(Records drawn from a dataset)
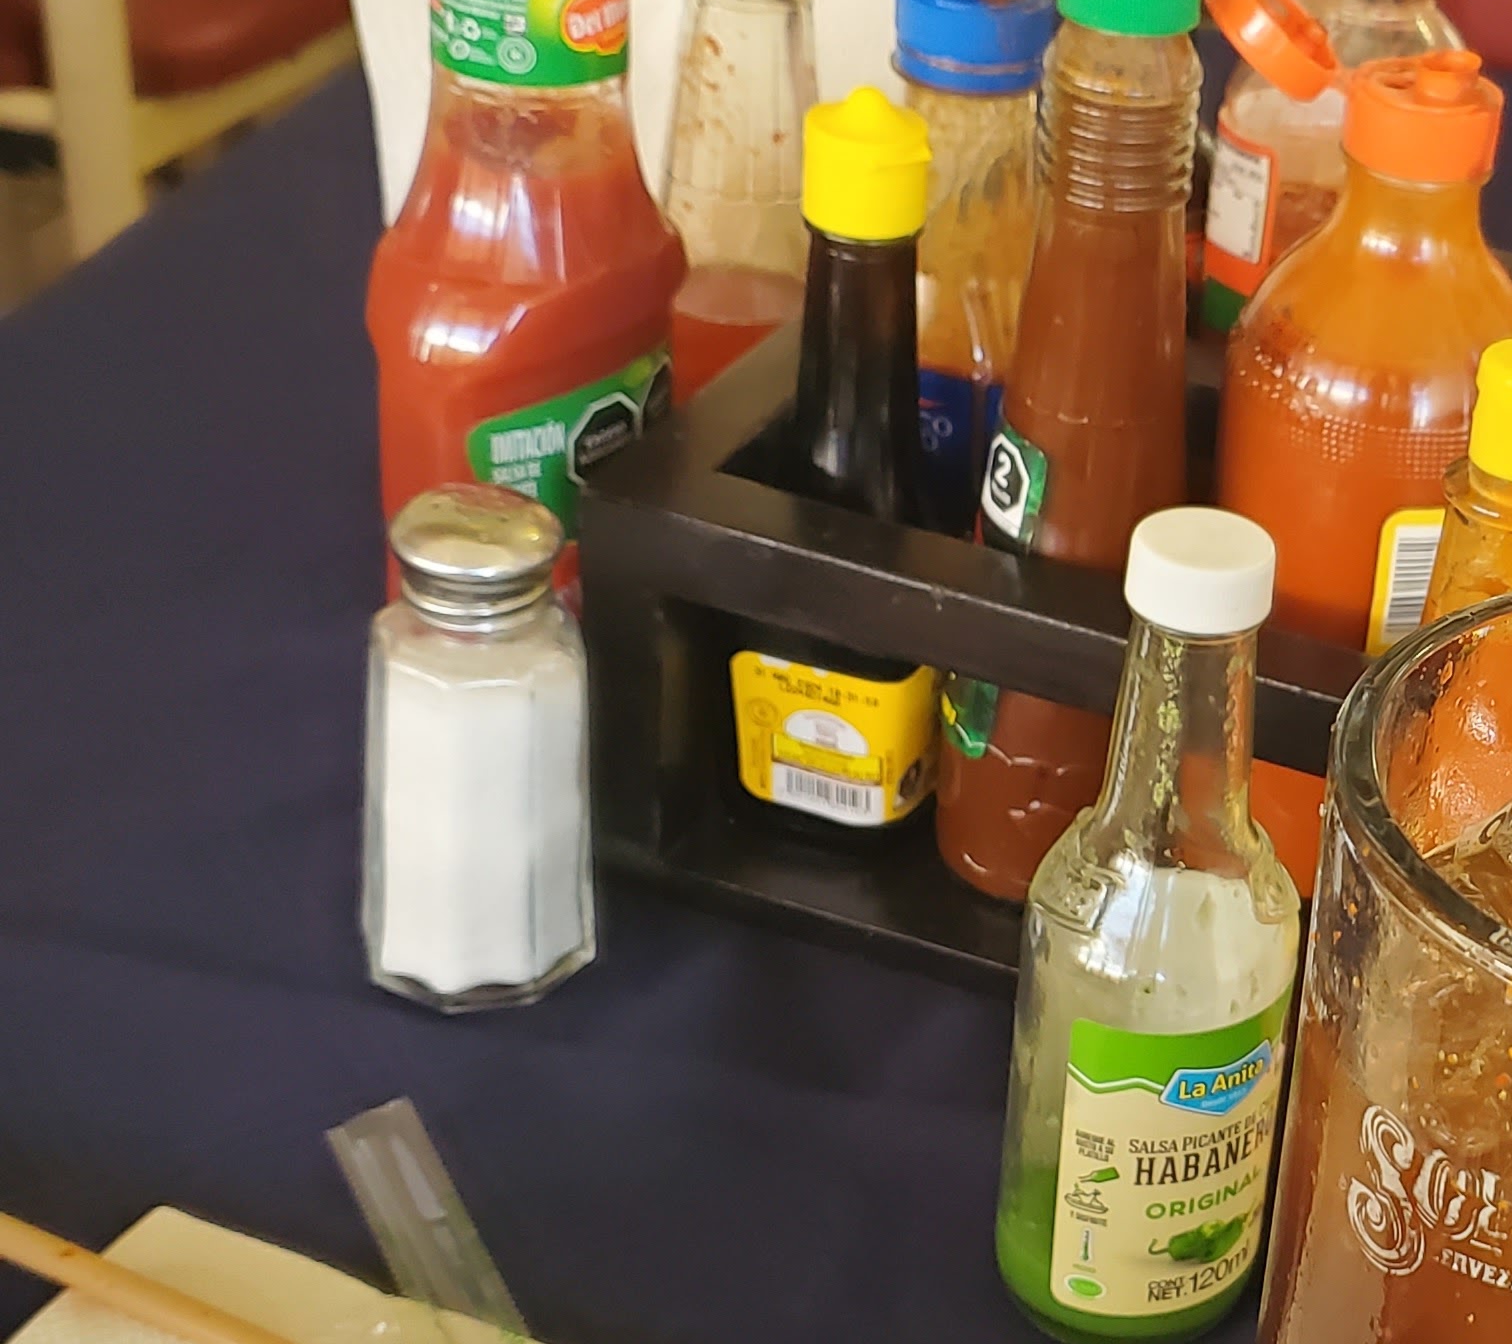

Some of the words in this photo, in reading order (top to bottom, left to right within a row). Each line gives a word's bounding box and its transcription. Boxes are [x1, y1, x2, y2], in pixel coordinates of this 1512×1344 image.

[993, 450, 1012, 489] 2
[1178, 1080, 1207, 1100] La
[1210, 1058, 1265, 1094] Anita
[1128, 1138, 1178, 1154] SALSA
[1182, 1120, 1242, 1152] PICANTE
[1145, 1166, 1262, 1219] ORIGINAL

**What you have to do**
Give the entries above again word for word, without the pictures.

**Response**
Some of the words in this photo, in reading order (top to bottom, left to right within a row). Each line gives a word's bounding box and its transcription. Boxes are [x1, y1, x2, y2], in pixel coordinates of this 1512×1344 image.

[993, 450, 1012, 489] 2
[1178, 1080, 1207, 1100] La
[1210, 1058, 1265, 1094] Anita
[1128, 1138, 1178, 1154] SALSA
[1182, 1120, 1242, 1152] PICANTE
[1145, 1166, 1262, 1219] ORIGINAL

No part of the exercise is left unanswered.